(Available records):
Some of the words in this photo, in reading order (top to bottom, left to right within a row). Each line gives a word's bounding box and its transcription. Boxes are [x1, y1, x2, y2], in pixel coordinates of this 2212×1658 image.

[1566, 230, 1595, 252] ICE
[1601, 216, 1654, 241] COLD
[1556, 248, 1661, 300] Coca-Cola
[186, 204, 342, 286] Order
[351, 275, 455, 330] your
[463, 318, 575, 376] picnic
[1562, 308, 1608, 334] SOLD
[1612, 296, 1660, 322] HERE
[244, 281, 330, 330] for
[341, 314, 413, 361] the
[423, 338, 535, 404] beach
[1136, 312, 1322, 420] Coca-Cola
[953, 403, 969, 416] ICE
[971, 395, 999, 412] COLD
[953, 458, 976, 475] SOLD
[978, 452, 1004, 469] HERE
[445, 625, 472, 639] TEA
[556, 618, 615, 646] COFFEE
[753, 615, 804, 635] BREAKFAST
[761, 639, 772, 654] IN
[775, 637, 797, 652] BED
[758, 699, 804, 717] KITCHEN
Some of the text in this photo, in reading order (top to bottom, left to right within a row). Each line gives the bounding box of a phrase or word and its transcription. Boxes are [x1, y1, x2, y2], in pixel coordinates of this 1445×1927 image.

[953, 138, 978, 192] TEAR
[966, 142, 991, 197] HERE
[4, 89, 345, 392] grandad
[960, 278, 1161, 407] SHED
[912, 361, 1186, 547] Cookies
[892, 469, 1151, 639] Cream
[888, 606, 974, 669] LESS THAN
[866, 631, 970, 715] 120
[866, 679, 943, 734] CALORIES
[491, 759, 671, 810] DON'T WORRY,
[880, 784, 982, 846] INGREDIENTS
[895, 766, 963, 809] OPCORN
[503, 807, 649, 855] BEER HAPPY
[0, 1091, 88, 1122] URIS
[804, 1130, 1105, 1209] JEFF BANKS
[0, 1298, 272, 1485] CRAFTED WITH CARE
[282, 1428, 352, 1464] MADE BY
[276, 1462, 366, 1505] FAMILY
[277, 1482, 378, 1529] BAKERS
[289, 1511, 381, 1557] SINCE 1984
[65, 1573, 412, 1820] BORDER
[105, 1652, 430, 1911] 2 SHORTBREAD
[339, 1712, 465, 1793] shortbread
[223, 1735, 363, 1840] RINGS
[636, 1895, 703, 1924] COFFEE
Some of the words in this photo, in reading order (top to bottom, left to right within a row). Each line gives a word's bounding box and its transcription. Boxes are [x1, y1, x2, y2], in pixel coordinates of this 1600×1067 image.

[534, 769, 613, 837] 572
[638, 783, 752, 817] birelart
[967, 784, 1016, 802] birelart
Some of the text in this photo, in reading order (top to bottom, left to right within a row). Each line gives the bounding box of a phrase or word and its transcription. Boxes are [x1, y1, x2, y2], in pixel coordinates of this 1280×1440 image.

(Task prompt): Reproduce each entry precisely, so that nothing differs from the original.

(Output):
Some of the words in this photo, in reading order (top to bottom, left to right within a row). Each line gives a word's bounding box and its transcription. Boxes are [x1, y1, x2, y2], in pixel coordinates of this 2212×1658 image.

[1566, 230, 1595, 252] ICE
[1601, 216, 1654, 241] COLD
[1556, 248, 1661, 300] Coca-Cola
[186, 204, 342, 286] Order
[351, 275, 455, 330] your
[463, 318, 575, 376] picnic
[1562, 308, 1608, 334] SOLD
[1612, 296, 1660, 322] HERE
[244, 281, 330, 330] for
[341, 314, 413, 361] the
[423, 338, 535, 404] beach
[1136, 312, 1322, 420] Coca-Cola
[953, 403, 969, 416] ICE
[971, 395, 999, 412] COLD
[953, 458, 976, 475] SOLD
[978, 452, 1004, 469] HERE
[445, 625, 472, 639] TEA
[556, 618, 615, 646] COFFEE
[753, 615, 804, 635] BREAKFAST
[761, 639, 772, 654] IN
[775, 637, 797, 652] BED
[758, 699, 804, 717] KITCHEN
Some of the text in this photo, in reading order (top to bottom, left to right within a row). Each line gives the bounding box of a phrase or word and its transcription. Boxes are [x1, y1, x2, y2], in pixel coordinates of this 1445×1927 image.

[953, 138, 978, 192] TEAR
[966, 142, 991, 197] HERE
[4, 89, 345, 392] grandad
[960, 278, 1161, 407] SHED
[912, 361, 1186, 547] Cookies
[892, 469, 1151, 639] Cream
[888, 606, 974, 669] LESS THAN
[866, 631, 970, 715] 120
[866, 679, 943, 734] CALORIES
[491, 759, 671, 810] DON'T WORRY,
[880, 784, 982, 846] INGREDIENTS
[895, 766, 963, 809] OPCORN
[503, 807, 649, 855] BEER HAPPY
[0, 1091, 88, 1122] URIS
[804, 1130, 1105, 1209] JEFF BANKS
[0, 1298, 272, 1485] CRAFTED WITH CARE
[282, 1428, 352, 1464] MADE BY
[276, 1462, 366, 1505] FAMILY
[277, 1482, 378, 1529] BAKERS
[289, 1511, 381, 1557] SINCE 1984
[65, 1573, 412, 1820] BORDER
[105, 1652, 430, 1911] 2 SHORTBREAD
[339, 1712, 465, 1793] shortbread
[223, 1735, 363, 1840] RINGS
[636, 1895, 703, 1924] COFFEE
Some of the words in this photo, in reading order (top to bottom, left to right within a row). Each line gives a word's bounding box and its transcription. Boxes are [x1, y1, x2, y2], in pixel coordinates of this 1600×1067 image.

[534, 769, 613, 837] 572
[638, 783, 752, 817] birelart
[967, 784, 1016, 802] birelart
Some of the text in this photo, in reading order (top to bottom, left to right within a row). Each line gives the bounding box of a phrase or word and its transcription. Boxes are [x1, y1, x2, y2], in pixel coordinates of this 1280×1440 image.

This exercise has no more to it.